[Work to complete] Pictures stay out; everything else in the records gets transcribed exactly.

-------- Data for review

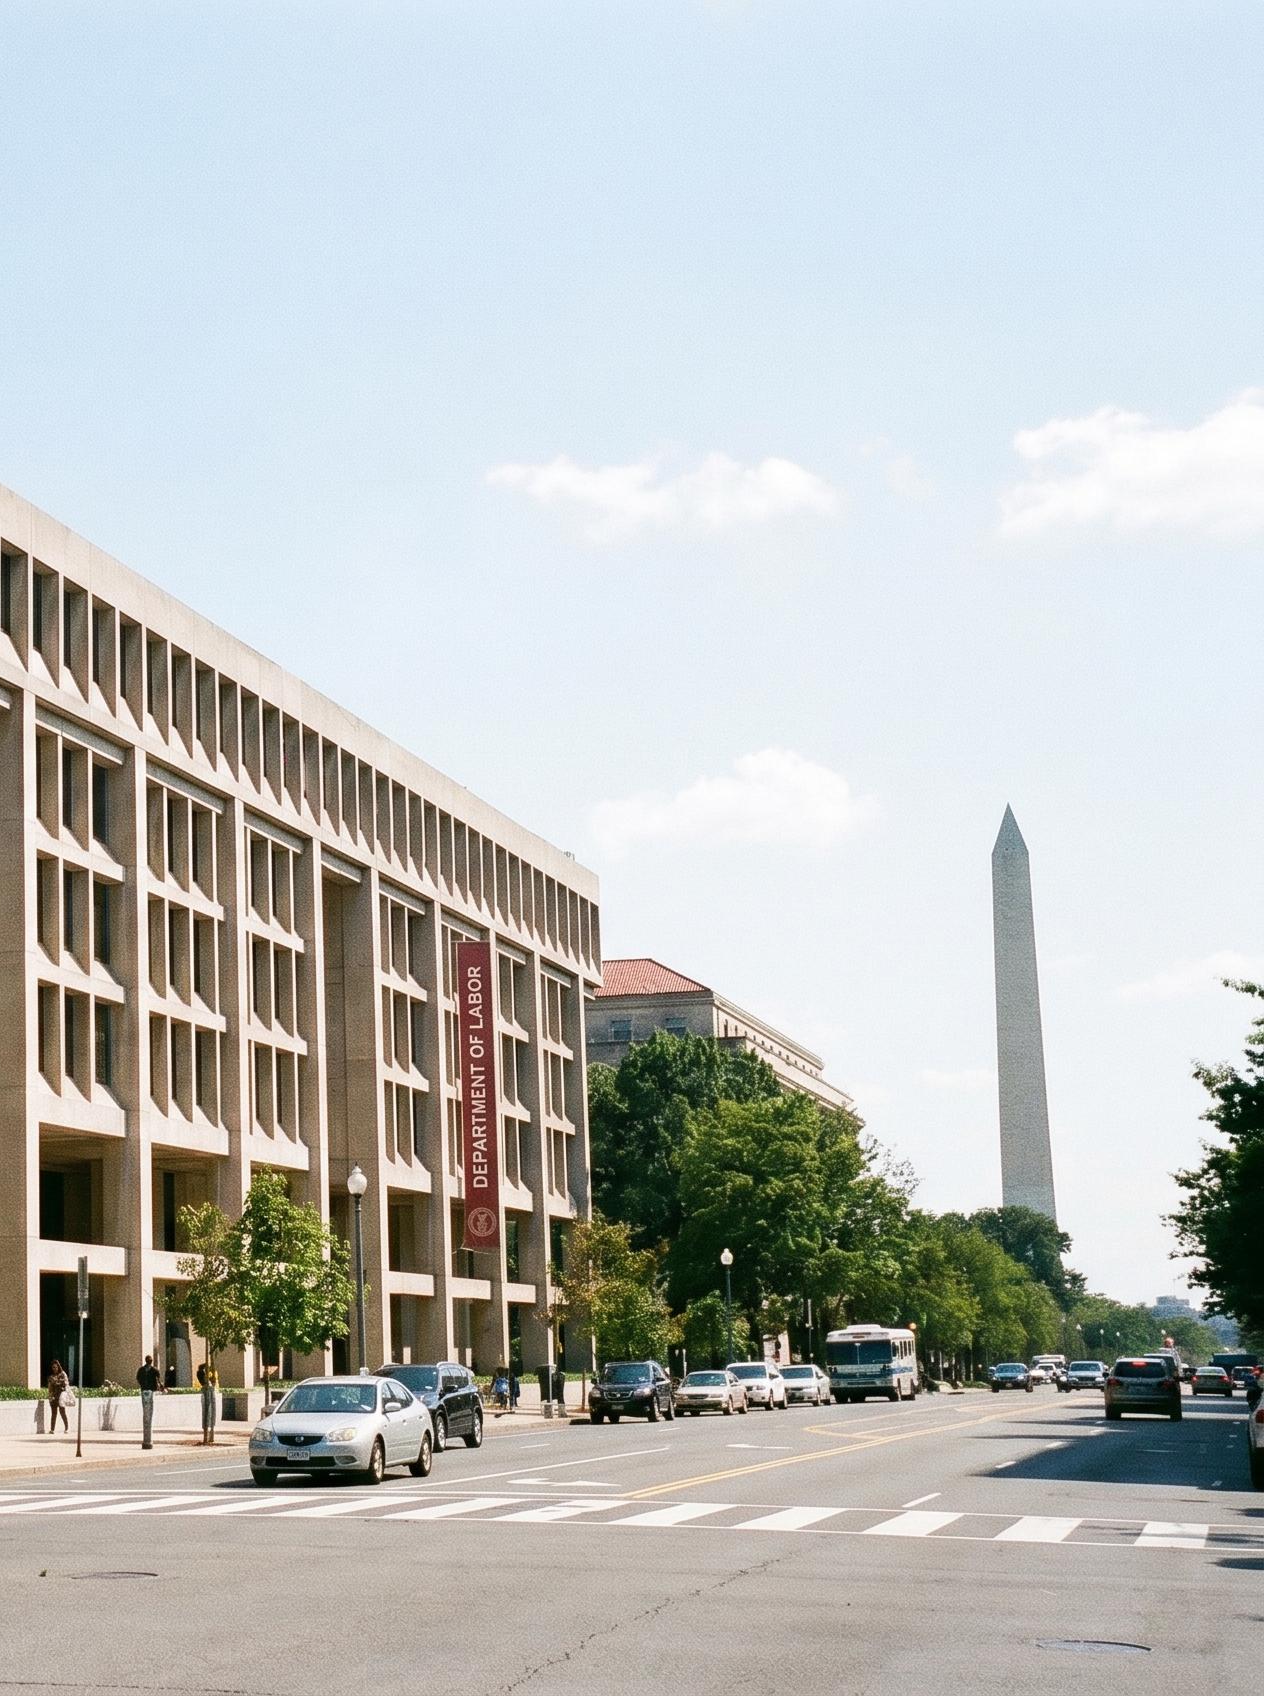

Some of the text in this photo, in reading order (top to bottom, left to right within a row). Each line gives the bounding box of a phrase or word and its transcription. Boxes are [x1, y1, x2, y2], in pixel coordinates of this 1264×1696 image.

[467, 966, 484, 1029] LABOR
[469, 1034, 485, 1059] OF
[470, 1063, 488, 1188] DEPARTMENT
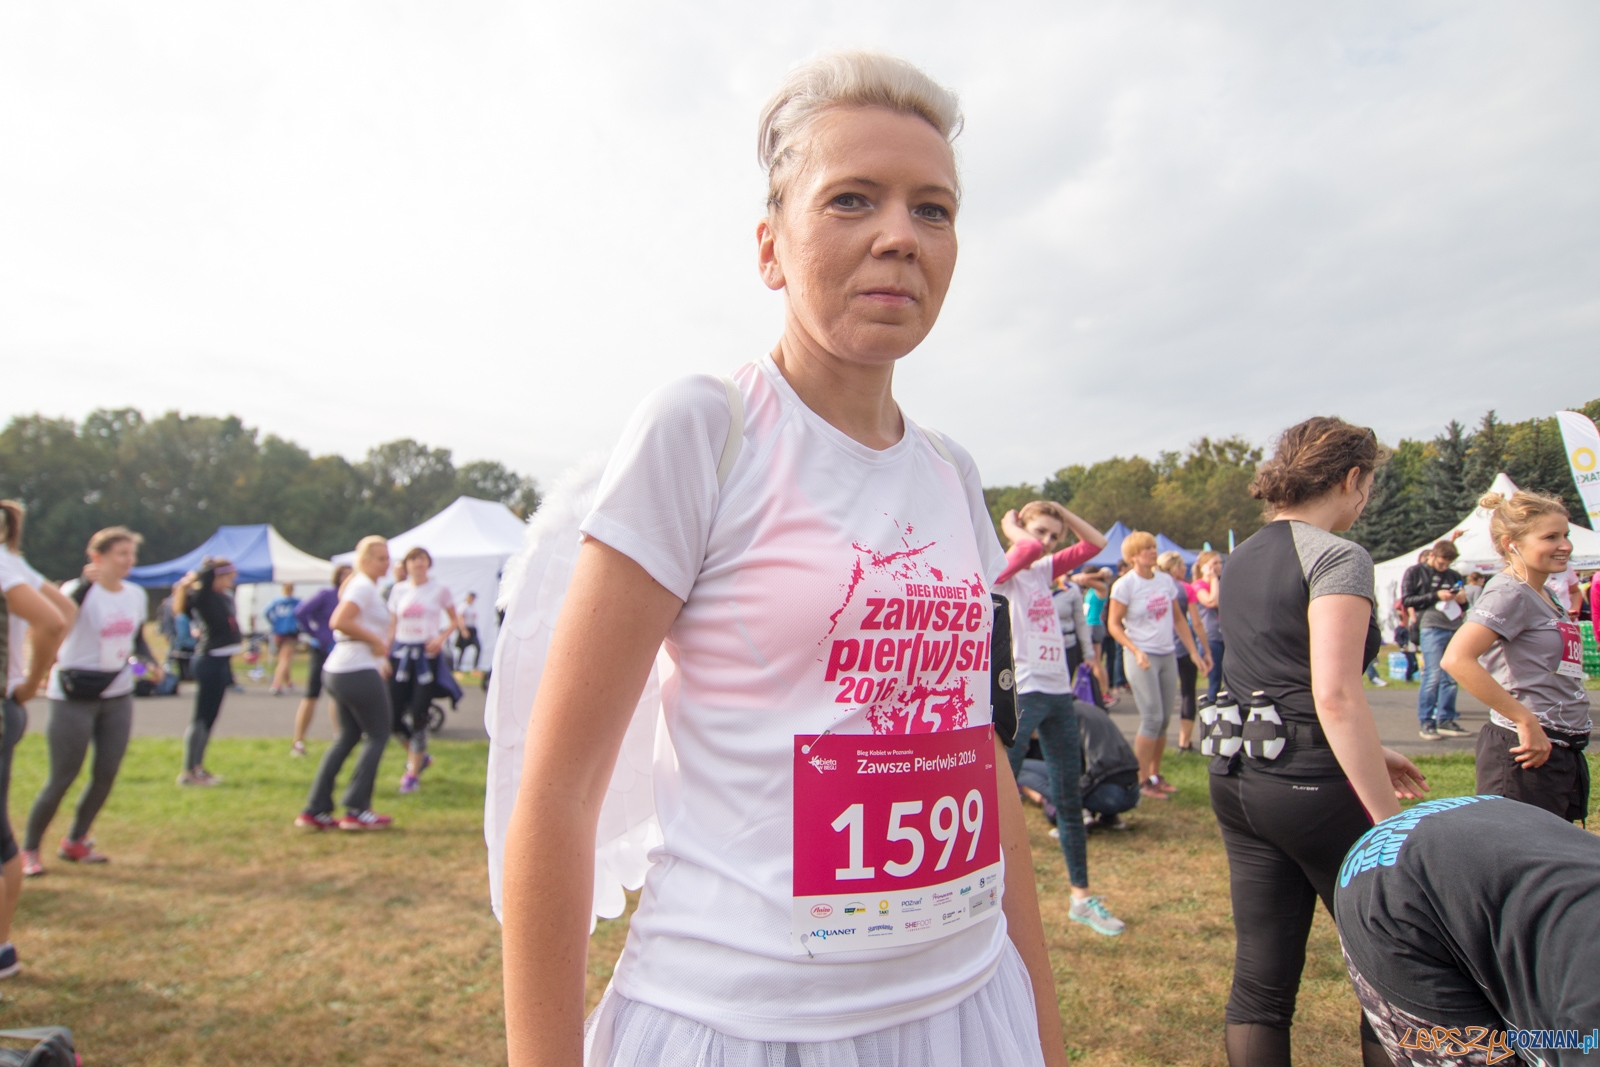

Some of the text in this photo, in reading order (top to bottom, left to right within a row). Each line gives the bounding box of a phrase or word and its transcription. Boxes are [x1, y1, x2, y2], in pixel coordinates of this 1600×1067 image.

[905, 583, 968, 600] BIEG KOBIET
[860, 597, 982, 632] zawsze
[1039, 645, 1061, 662] 217
[834, 676, 899, 704] 2016
[857, 749, 977, 774] Zawsze Pier(w)si 2016
[892, 748, 914, 756] Poznaniu
[830, 788, 984, 881] 1599
[1378, 833, 1409, 867] AND
[905, 918, 932, 929] SHEFOOT

----------------

[Solution]
Some of the text in this photo, in reading order (top to bottom, left to right within a row). Each line gives the bounding box of a phrase or word and its transcription. Boxes are [x1, y1, x2, y2], in pixel coordinates of this 1264×1696 image.

[467, 966, 484, 1029] LABOR
[469, 1034, 485, 1059] OF
[470, 1063, 488, 1188] DEPARTMENT

Some of the text in this photo, in reading order (top to bottom, left to right within a row). Each line gives the bounding box of a phrase or word and its transcription. Boxes are [x1, y1, x2, y2], in pixel coordinates of this 1600×1067 image.

[905, 583, 968, 600] BIEG KOBIET
[860, 597, 982, 632] zawsze
[1039, 645, 1061, 662] 217
[834, 676, 899, 704] 2016
[857, 749, 977, 774] Zawsze Pier(w)si 2016
[892, 748, 914, 756] Poznaniu
[830, 788, 984, 881] 1599
[1378, 833, 1409, 867] AND
[905, 918, 932, 929] SHEFOOT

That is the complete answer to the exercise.